What to do - Every line below needs to be printed again exactly, without any of its pictures.

Data provided -

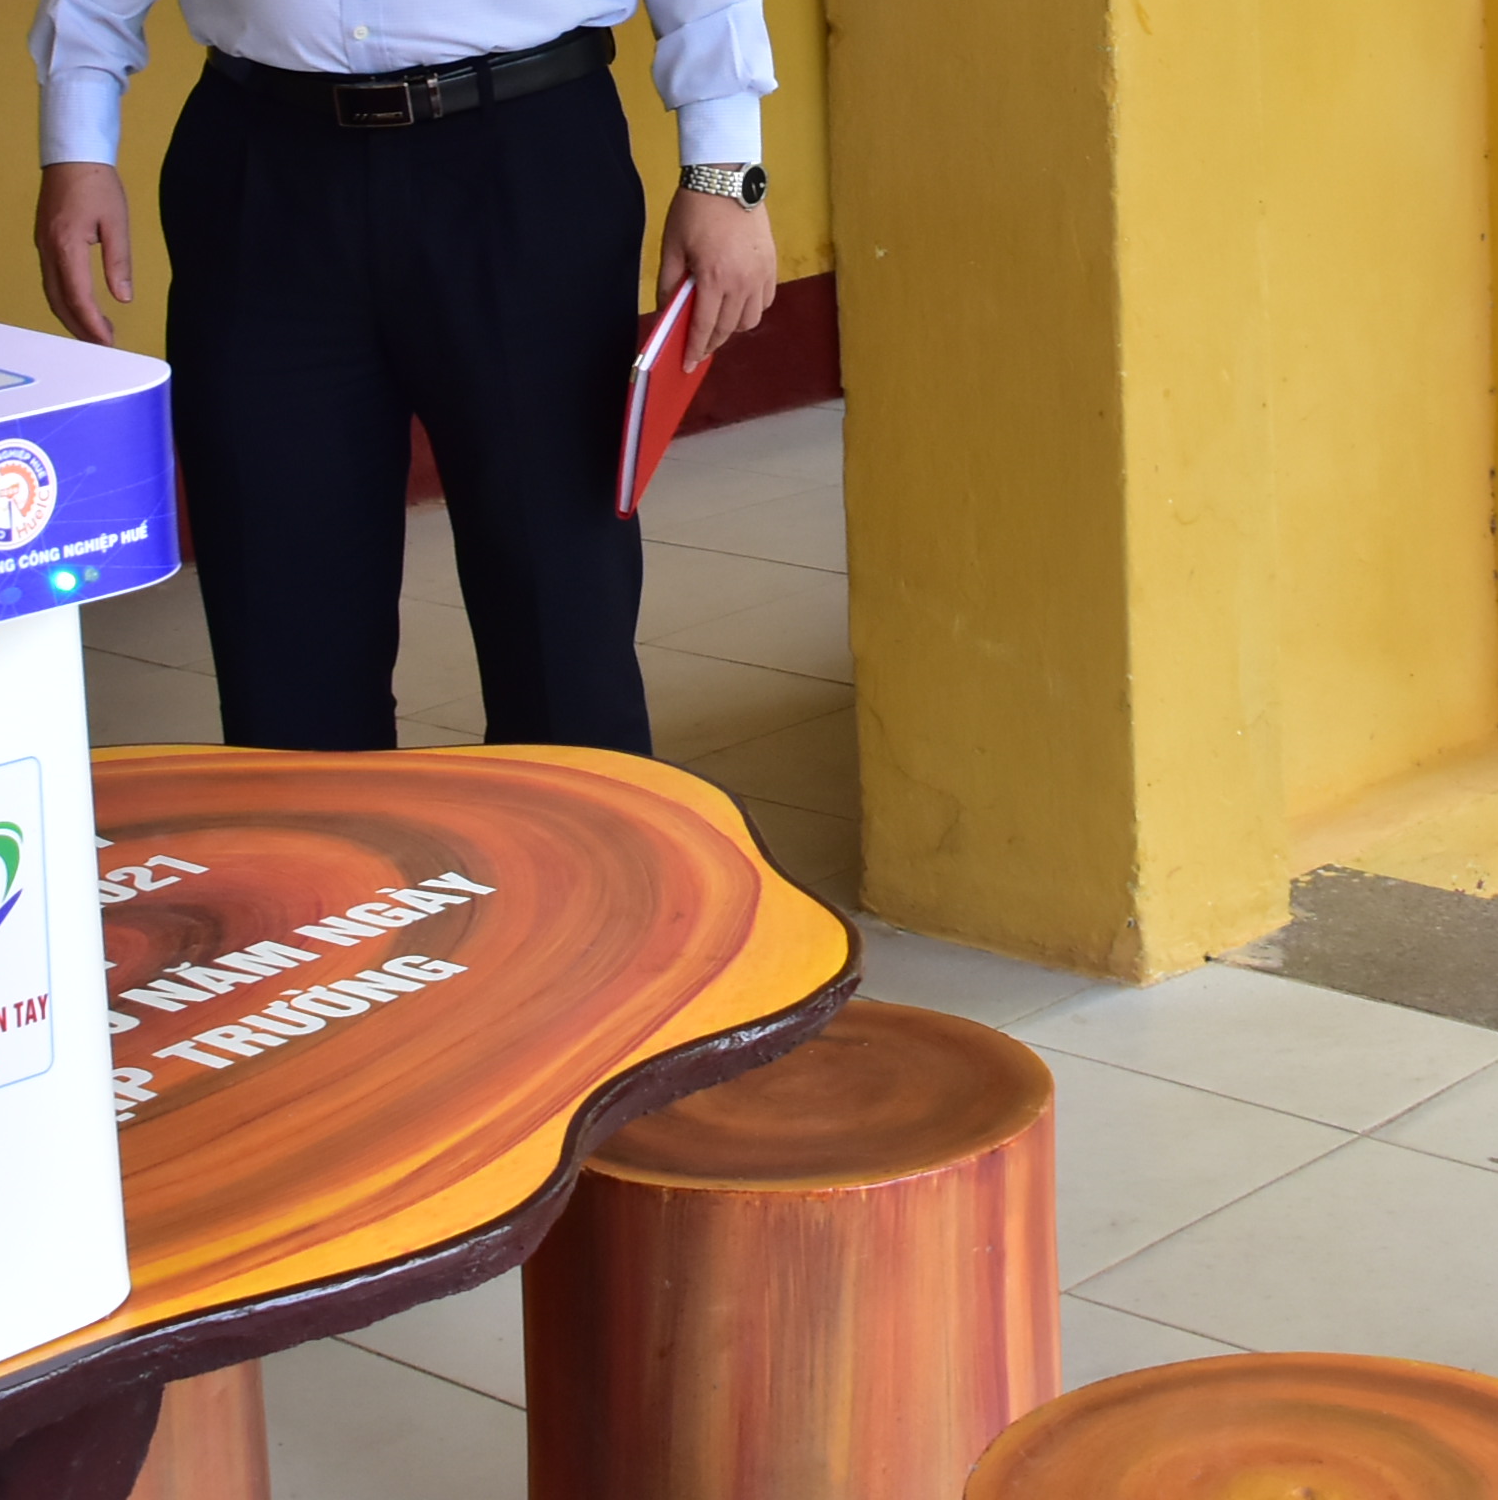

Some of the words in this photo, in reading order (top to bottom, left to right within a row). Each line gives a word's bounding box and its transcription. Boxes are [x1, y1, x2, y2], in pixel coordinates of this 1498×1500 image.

[18, 547, 61, 569] CÔNG
[63, 532, 118, 558] NGHIỆP
[121, 519, 149, 543] HUẾ
[118, 940, 321, 1012] NĂM
[294, 871, 497, 946] NGÀY
[13, 993, 49, 1029] TAY
[152, 954, 468, 1069] TRƯỜNG
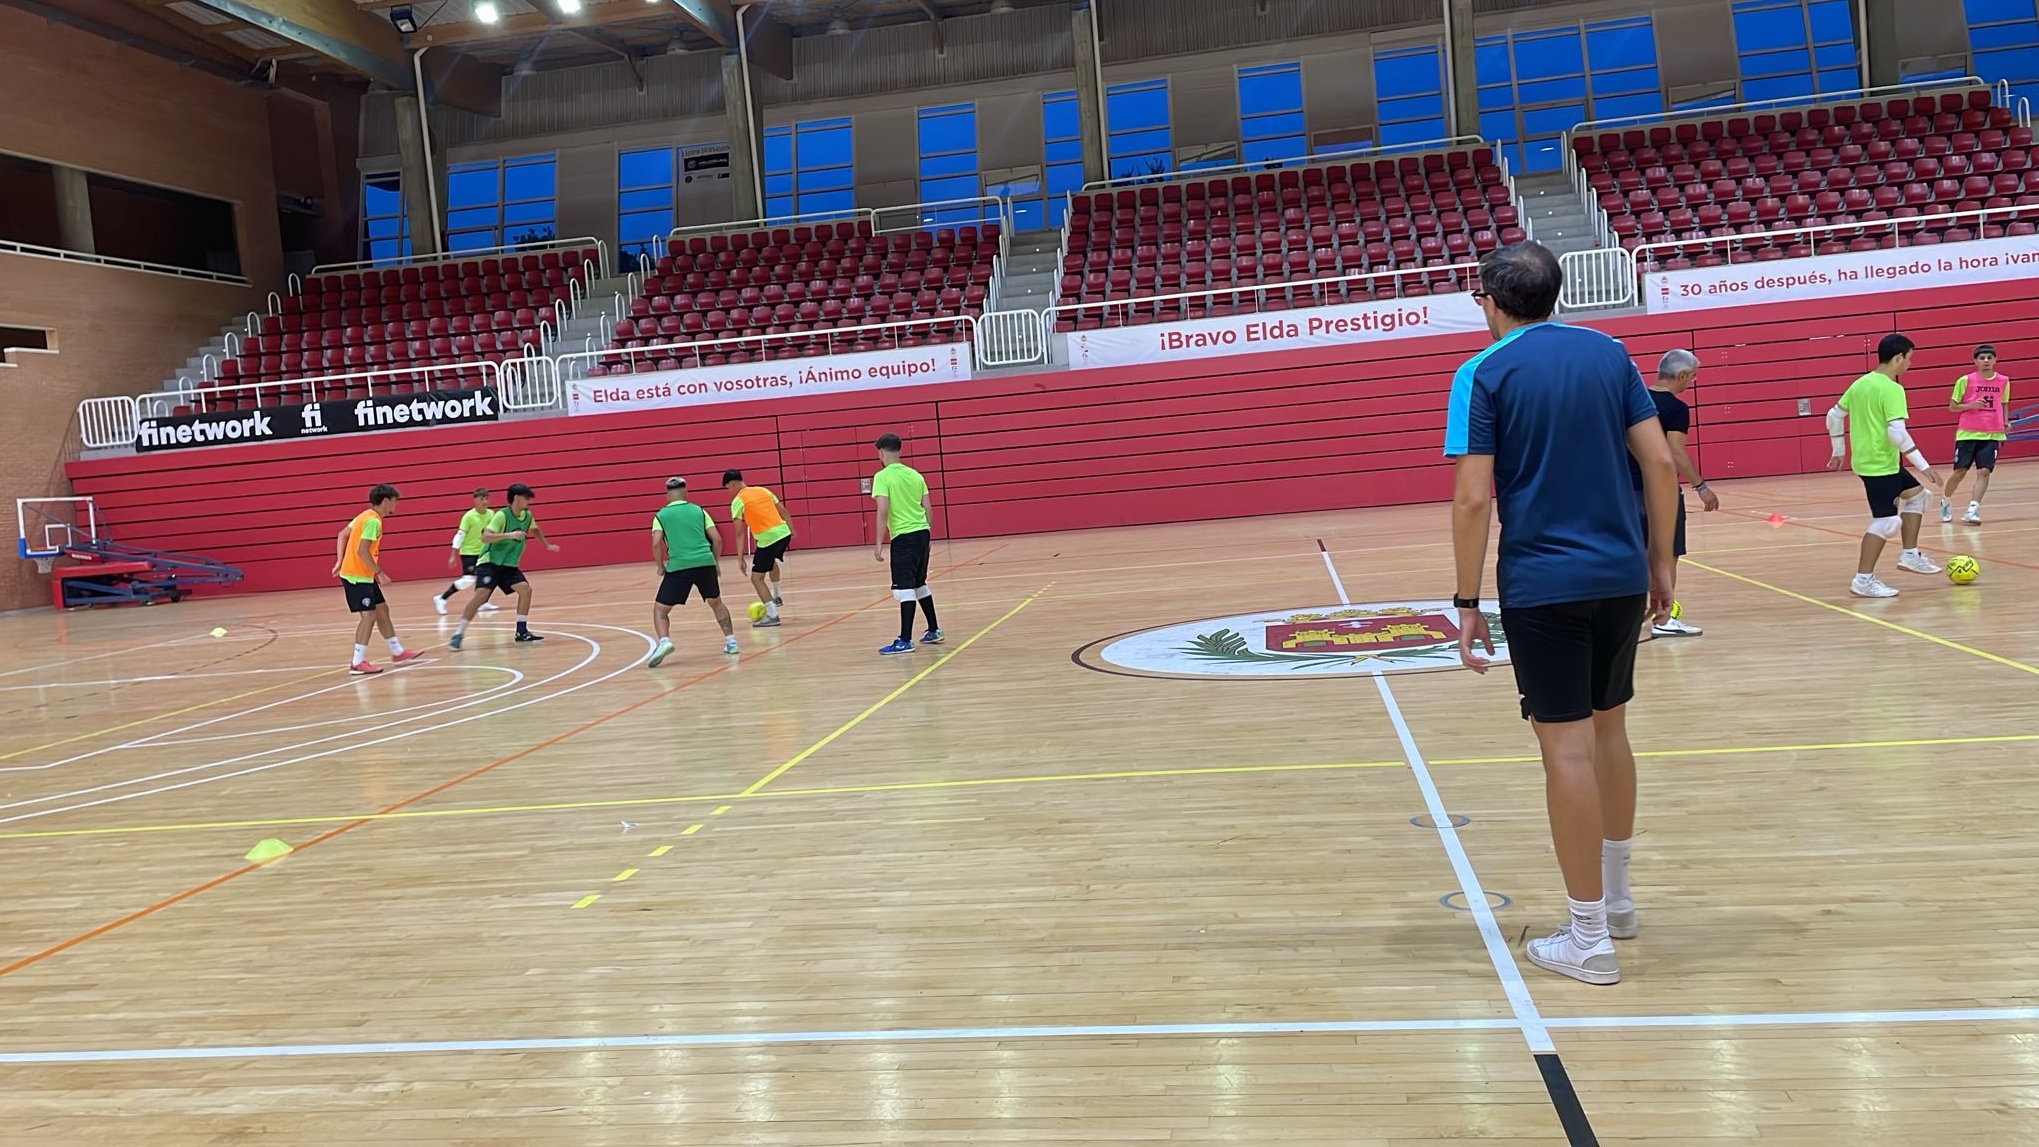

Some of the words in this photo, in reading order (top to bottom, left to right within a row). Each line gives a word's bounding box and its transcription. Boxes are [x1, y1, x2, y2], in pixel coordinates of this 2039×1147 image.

[1680, 284, 1702, 297] 30
[1708, 279, 1749, 295] años
[1754, 271, 1832, 291] después,
[1837, 268, 1859, 282] ha
[1864, 260, 1932, 279] llegado
[1937, 258, 1953, 272] la
[1958, 256, 1999, 270] hora
[1159, 329, 1237, 351] ¡Bravo
[1245, 319, 1299, 343] Elda
[1308, 306, 1429, 336] Prestigio!
[593, 387, 631, 404] Elda
[635, 382, 672, 400] está
[676, 382, 708, 396] con
[713, 375, 793, 393] vosotras,
[798, 365, 862, 385] ¡Ánimo
[867, 357, 936, 380] equipo!
[301, 402, 322, 428] fi
[354, 390, 494, 427] finetwork
[138, 410, 273, 448] finetwork
[300, 425, 328, 434] network

Exercise output -
Some of the words in this photo, in reading order (top to bottom, left to right within a row). Each line gives a word's bounding box and its transcription. Boxes are [x1, y1, x2, y2], in pixel coordinates of this 1498×1500 image.

[18, 547, 61, 569] CÔNG
[63, 532, 118, 558] NGHIỆP
[121, 519, 149, 543] HUẾ
[118, 940, 321, 1012] NĂM
[294, 871, 497, 946] NGÀY
[13, 993, 49, 1029] TAY
[152, 954, 468, 1069] TRƯỜNG

Some of the words in this photo, in reading order (top to bottom, left to right within a row). Each line gives a word's bounding box and its transcription. Boxes are [x1, y1, x2, y2], in pixel coordinates of this 2039×1147 image.

[1680, 284, 1702, 297] 30
[1708, 279, 1749, 295] años
[1754, 271, 1832, 291] después,
[1837, 268, 1859, 282] ha
[1864, 260, 1932, 279] llegado
[1937, 258, 1953, 272] la
[1958, 256, 1999, 270] hora
[1159, 329, 1237, 351] ¡Bravo
[1245, 319, 1299, 343] Elda
[1308, 306, 1429, 336] Prestigio!
[593, 387, 631, 404] Elda
[635, 382, 672, 400] está
[676, 382, 708, 396] con
[713, 375, 793, 393] vosotras,
[798, 365, 862, 385] ¡Ánimo
[867, 357, 936, 380] equipo!
[301, 402, 322, 428] fi
[354, 390, 494, 427] finetwork
[138, 410, 273, 448] finetwork
[300, 425, 328, 434] network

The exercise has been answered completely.